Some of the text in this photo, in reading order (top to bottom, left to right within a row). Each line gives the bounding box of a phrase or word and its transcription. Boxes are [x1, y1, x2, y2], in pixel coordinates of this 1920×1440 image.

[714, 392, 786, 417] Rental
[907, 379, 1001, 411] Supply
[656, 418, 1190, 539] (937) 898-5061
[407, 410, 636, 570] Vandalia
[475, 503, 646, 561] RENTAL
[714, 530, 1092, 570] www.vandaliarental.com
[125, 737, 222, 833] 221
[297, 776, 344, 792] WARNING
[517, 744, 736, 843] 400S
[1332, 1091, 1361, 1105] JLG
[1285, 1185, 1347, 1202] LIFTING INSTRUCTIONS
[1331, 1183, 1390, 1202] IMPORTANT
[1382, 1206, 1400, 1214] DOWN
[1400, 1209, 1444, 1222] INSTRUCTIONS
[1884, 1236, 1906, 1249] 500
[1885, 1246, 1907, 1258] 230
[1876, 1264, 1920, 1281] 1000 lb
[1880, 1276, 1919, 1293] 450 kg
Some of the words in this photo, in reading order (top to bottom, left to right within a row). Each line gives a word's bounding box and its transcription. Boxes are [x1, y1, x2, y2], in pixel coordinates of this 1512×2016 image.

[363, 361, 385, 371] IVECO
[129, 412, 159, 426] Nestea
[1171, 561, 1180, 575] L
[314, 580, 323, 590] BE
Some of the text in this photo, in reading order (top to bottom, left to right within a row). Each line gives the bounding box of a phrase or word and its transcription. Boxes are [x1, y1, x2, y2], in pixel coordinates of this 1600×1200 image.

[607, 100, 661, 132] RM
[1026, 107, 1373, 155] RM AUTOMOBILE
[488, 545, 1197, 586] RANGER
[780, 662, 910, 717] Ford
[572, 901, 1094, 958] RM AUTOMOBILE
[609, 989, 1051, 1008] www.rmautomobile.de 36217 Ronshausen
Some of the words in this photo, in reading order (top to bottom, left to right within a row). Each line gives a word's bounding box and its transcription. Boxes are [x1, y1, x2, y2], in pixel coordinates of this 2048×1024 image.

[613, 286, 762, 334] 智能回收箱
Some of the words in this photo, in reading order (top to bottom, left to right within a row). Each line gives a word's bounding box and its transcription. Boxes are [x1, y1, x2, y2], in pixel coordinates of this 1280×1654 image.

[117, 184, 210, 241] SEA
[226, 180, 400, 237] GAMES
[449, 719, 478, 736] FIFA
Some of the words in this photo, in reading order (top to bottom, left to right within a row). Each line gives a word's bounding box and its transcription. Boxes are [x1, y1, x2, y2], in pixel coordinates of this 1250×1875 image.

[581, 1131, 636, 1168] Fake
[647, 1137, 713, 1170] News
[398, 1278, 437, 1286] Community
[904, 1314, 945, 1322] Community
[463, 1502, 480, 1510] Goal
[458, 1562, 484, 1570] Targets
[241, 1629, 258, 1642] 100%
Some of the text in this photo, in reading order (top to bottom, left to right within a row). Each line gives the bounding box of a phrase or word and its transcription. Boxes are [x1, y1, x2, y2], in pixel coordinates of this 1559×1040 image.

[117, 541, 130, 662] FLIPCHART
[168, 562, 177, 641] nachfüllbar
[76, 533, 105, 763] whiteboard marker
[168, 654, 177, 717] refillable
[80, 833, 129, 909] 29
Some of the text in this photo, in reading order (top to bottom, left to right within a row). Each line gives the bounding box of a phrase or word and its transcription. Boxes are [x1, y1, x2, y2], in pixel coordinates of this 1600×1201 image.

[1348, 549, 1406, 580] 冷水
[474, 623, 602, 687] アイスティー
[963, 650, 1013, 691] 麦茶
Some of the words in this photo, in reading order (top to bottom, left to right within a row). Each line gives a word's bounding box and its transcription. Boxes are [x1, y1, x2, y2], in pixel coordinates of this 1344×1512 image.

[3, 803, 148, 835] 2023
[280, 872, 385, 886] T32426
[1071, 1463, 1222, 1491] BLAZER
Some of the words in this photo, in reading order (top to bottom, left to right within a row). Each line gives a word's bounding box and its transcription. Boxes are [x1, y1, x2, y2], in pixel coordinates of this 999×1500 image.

### WHAT THE TASK ASKS:
Each entry above, in full, should be output exactly as it reads.

### SOLUTION TO THIS PROBLEM:
Some of the text in this photo, in reading order (top to bottom, left to right within a row). Each line gives the bounding box of a phrase or word and its transcription. Boxes are [x1, y1, x2, y2], in pixel coordinates of this 1920×1440 image.

[714, 392, 786, 417] Rental
[907, 379, 1001, 411] Supply
[656, 418, 1190, 539] (937) 898-5061
[407, 410, 636, 570] Vandalia
[475, 503, 646, 561] RENTAL
[714, 530, 1092, 570] www.vandaliarental.com
[125, 737, 222, 833] 221
[297, 776, 344, 792] WARNING
[517, 744, 736, 843] 400S
[1332, 1091, 1361, 1105] JLG
[1285, 1185, 1347, 1202] LIFTING INSTRUCTIONS
[1331, 1183, 1390, 1202] IMPORTANT
[1382, 1206, 1400, 1214] DOWN
[1400, 1209, 1444, 1222] INSTRUCTIONS
[1884, 1236, 1906, 1249] 500
[1885, 1246, 1907, 1258] 230
[1876, 1264, 1920, 1281] 1000 lb
[1880, 1276, 1919, 1293] 450 kg
Some of the words in this photo, in reading order (top to bottom, left to right within a row). Each line gives a word's bounding box and its transcription. Boxes are [x1, y1, x2, y2], in pixel coordinates of this 1512×2016 image.

[363, 361, 385, 371] IVECO
[129, 412, 159, 426] Nestea
[1171, 561, 1180, 575] L
[314, 580, 323, 590] BE
Some of the text in this photo, in reading order (top to bottom, left to right within a row). Each line gives the bounding box of a phrase or word and its transcription. Boxes are [x1, y1, x2, y2], in pixel coordinates of this 1600×1200 image.

[607, 100, 661, 132] RM
[1026, 107, 1373, 155] RM AUTOMOBILE
[488, 545, 1197, 586] RANGER
[780, 662, 910, 717] Ford
[572, 901, 1094, 958] RM AUTOMOBILE
[609, 989, 1051, 1008] www.rmautomobile.de 36217 Ronshausen
Some of the words in this photo, in reading order (top to bottom, left to right within a row). Each line gives a word's bounding box and its transcription. Boxes are [x1, y1, x2, y2], in pixel coordinates of this 2048×1024 image.

[613, 286, 762, 334] 智能回收箱
Some of the words in this photo, in reading order (top to bottom, left to right within a row). Each line gives a word's bounding box and its transcription. Boxes are [x1, y1, x2, y2], in pixel coordinates of this 1280×1654 image.

[117, 184, 210, 241] SEA
[226, 180, 400, 237] GAMES
[449, 719, 478, 736] FIFA
Some of the words in this photo, in reading order (top to bottom, left to right within a row). Each line gives a word's bounding box and its transcription. Boxes are [x1, y1, x2, y2], in pixel coordinates of this 1250×1875 image.

[581, 1131, 636, 1168] Fake
[647, 1137, 713, 1170] News
[398, 1278, 437, 1286] Community
[904, 1314, 945, 1322] Community
[463, 1502, 480, 1510] Goal
[458, 1562, 484, 1570] Targets
[241, 1629, 258, 1642] 100%
Some of the text in this photo, in reading order (top to bottom, left to right within a row). Each line gives the bounding box of a phrase or word and its transcription. Boxes are [x1, y1, x2, y2], in pixel coordinates of this 1559×1040 image.

[117, 541, 130, 662] FLIPCHART
[168, 562, 177, 641] nachfüllbar
[76, 533, 105, 763] whiteboard marker
[168, 654, 177, 717] refillable
[80, 833, 129, 909] 29
Some of the text in this photo, in reading order (top to bottom, left to right within a row). Each line gives the bounding box of a phrase or word and its transcription. Boxes are [x1, y1, x2, y2], in pixel coordinates of this 1600×1201 image.

[1348, 549, 1406, 580] 冷水
[474, 623, 602, 687] アイスティー
[963, 650, 1013, 691] 麦茶
Some of the words in this photo, in reading order (top to bottom, left to right within a row). Each line gives a word's bounding box and its transcription. Boxes are [x1, y1, x2, y2], in pixel coordinates of this 1344×1512 image.

[3, 803, 148, 835] 2023
[280, 872, 385, 886] T32426
[1071, 1463, 1222, 1491] BLAZER
Some of the words in this photo, in reading order (top to bottom, left to right within a row). Each line gives a word's bounding box and its transcription. Boxes are [x1, y1, x2, y2], in pixel coordinates of this 999×1500 image.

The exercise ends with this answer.